# Exercise prompt
When duplicating the records beneath this instruction, omit every picture and keep all else exact.

# Task data
■ ■ ■ ■ ■
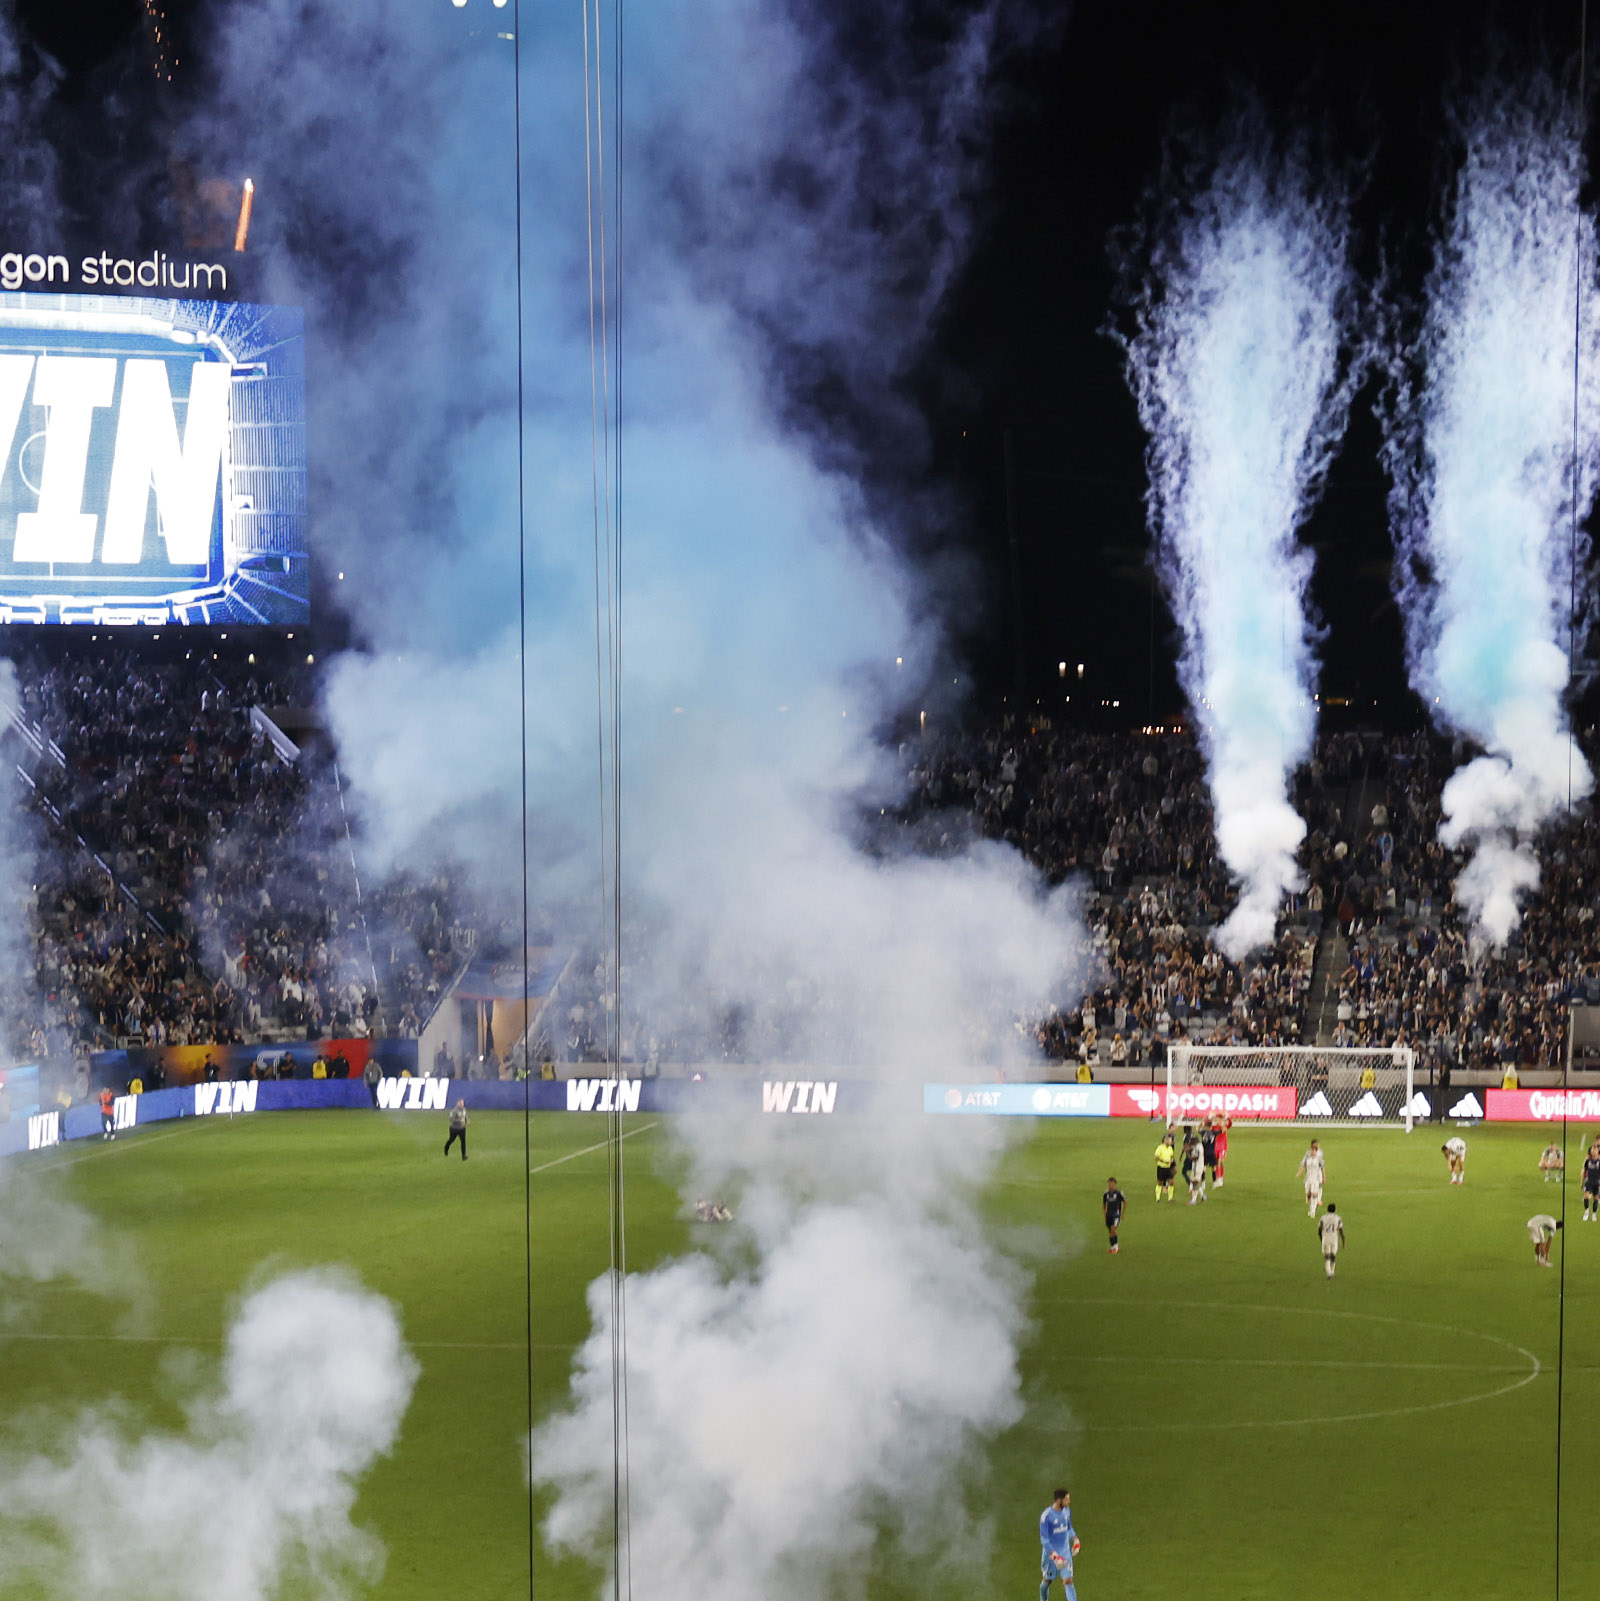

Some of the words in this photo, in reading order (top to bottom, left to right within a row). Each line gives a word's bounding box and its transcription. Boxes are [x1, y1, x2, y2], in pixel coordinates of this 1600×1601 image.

[81, 249, 228, 291] stadium
[195, 1080, 259, 1115] WIN
[377, 1077, 450, 1110] WIN
[566, 1079, 642, 1112] WIN
[763, 1081, 838, 1114] WIN
[965, 1092, 1001, 1107] AT&T
[1053, 1092, 1089, 1107] AT&T
[1165, 1092, 1278, 1111] DOORDASH
[1529, 1091, 1584, 1118] Captain
[28, 1110, 60, 1150] WIN
■ ■ ■ ■ ■
# Completed task
Some of the words in this photo, in reading order (top to bottom, left to right within a row). Each line gives a word's bounding box and its transcription. Boxes are [x1, y1, x2, y2], in pixel coordinates of this 1600×1601 image.

[81, 249, 228, 291] stadium
[195, 1080, 259, 1115] WIN
[377, 1077, 450, 1110] WIN
[566, 1079, 642, 1112] WIN
[763, 1081, 838, 1114] WIN
[965, 1092, 1001, 1107] AT&T
[1053, 1092, 1089, 1107] AT&T
[1165, 1092, 1278, 1111] DOORDASH
[1529, 1091, 1584, 1118] Captain
[28, 1110, 60, 1150] WIN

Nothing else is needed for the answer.